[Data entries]
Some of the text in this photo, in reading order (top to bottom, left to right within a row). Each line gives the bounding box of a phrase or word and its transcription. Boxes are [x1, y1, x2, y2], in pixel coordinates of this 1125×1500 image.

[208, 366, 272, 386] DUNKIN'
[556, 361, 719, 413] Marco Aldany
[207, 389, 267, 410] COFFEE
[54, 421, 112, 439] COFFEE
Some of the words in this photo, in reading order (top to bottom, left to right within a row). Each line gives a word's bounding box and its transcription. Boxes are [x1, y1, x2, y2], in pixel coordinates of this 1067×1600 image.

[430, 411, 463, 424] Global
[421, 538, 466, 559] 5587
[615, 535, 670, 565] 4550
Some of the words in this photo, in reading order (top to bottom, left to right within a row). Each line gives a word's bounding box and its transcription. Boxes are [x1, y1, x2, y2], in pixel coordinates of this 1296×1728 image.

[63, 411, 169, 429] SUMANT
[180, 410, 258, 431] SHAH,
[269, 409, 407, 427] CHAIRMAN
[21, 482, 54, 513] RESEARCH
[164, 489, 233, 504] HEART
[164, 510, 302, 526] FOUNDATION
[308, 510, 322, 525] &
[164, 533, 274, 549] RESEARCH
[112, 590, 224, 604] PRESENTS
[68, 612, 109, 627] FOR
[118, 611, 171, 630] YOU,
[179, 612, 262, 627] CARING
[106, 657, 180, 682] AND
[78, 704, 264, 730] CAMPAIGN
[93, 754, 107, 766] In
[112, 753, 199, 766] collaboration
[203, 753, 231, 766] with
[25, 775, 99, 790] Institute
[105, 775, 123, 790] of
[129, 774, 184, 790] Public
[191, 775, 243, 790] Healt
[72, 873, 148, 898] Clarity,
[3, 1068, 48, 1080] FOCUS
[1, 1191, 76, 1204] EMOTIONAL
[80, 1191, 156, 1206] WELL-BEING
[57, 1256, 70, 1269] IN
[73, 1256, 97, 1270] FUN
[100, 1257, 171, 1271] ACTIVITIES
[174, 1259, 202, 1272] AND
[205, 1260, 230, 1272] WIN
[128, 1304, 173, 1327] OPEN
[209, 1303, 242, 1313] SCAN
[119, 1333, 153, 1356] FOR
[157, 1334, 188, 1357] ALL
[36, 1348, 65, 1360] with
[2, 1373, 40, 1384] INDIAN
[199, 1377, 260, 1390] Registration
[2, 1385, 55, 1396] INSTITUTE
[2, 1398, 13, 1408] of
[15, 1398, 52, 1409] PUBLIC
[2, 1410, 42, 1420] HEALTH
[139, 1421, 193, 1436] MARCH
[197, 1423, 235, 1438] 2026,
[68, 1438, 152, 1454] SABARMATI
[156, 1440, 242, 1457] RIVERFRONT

> **TASK REQUIREMENTS**
What you write must match the records above line for line.

> **RESPONSE BOX**
Some of the text in this photo, in reading order (top to bottom, left to right within a row). Each line gives the bounding box of a phrase or word and its transcription. Boxes are [x1, y1, x2, y2], in pixel coordinates of this 1125×1500 image.

[208, 366, 272, 386] DUNKIN'
[556, 361, 719, 413] Marco Aldany
[207, 389, 267, 410] COFFEE
[54, 421, 112, 439] COFFEE
Some of the words in this photo, in reading order (top to bottom, left to right within a row). Each line gives a word's bounding box and its transcription. Boxes are [x1, y1, x2, y2], in pixel coordinates of this 1067×1600 image.

[430, 411, 463, 424] Global
[421, 538, 466, 559] 5587
[615, 535, 670, 565] 4550
Some of the words in this photo, in reading order (top to bottom, left to right within a row). Each line gives a word's bounding box and its transcription. Boxes are [x1, y1, x2, y2], in pixel coordinates of this 1296×1728 image.

[63, 411, 169, 429] SUMANT
[180, 410, 258, 431] SHAH,
[269, 409, 407, 427] CHAIRMAN
[21, 482, 54, 513] RESEARCH
[164, 489, 233, 504] HEART
[164, 510, 302, 526] FOUNDATION
[308, 510, 322, 525] &
[164, 533, 274, 549] RESEARCH
[112, 590, 224, 604] PRESENTS
[68, 612, 109, 627] FOR
[118, 611, 171, 630] YOU,
[179, 612, 262, 627] CARING
[106, 657, 180, 682] AND
[78, 704, 264, 730] CAMPAIGN
[93, 754, 107, 766] In
[112, 753, 199, 766] collaboration
[203, 753, 231, 766] with
[25, 775, 99, 790] Institute
[105, 775, 123, 790] of
[129, 774, 184, 790] Public
[191, 775, 243, 790] Healt
[72, 873, 148, 898] Clarity,
[3, 1068, 48, 1080] FOCUS
[1, 1191, 76, 1204] EMOTIONAL
[80, 1191, 156, 1206] WELL-BEING
[57, 1256, 70, 1269] IN
[73, 1256, 97, 1270] FUN
[100, 1257, 171, 1271] ACTIVITIES
[174, 1259, 202, 1272] AND
[205, 1260, 230, 1272] WIN
[128, 1304, 173, 1327] OPEN
[209, 1303, 242, 1313] SCAN
[119, 1333, 153, 1356] FOR
[157, 1334, 188, 1357] ALL
[36, 1348, 65, 1360] with
[2, 1373, 40, 1384] INDIAN
[199, 1377, 260, 1390] Registration
[2, 1385, 55, 1396] INSTITUTE
[2, 1398, 13, 1408] of
[15, 1398, 52, 1409] PUBLIC
[2, 1410, 42, 1420] HEALTH
[139, 1421, 193, 1436] MARCH
[197, 1423, 235, 1438] 2026,
[68, 1438, 152, 1454] SABARMATI
[156, 1440, 242, 1457] RIVERFRONT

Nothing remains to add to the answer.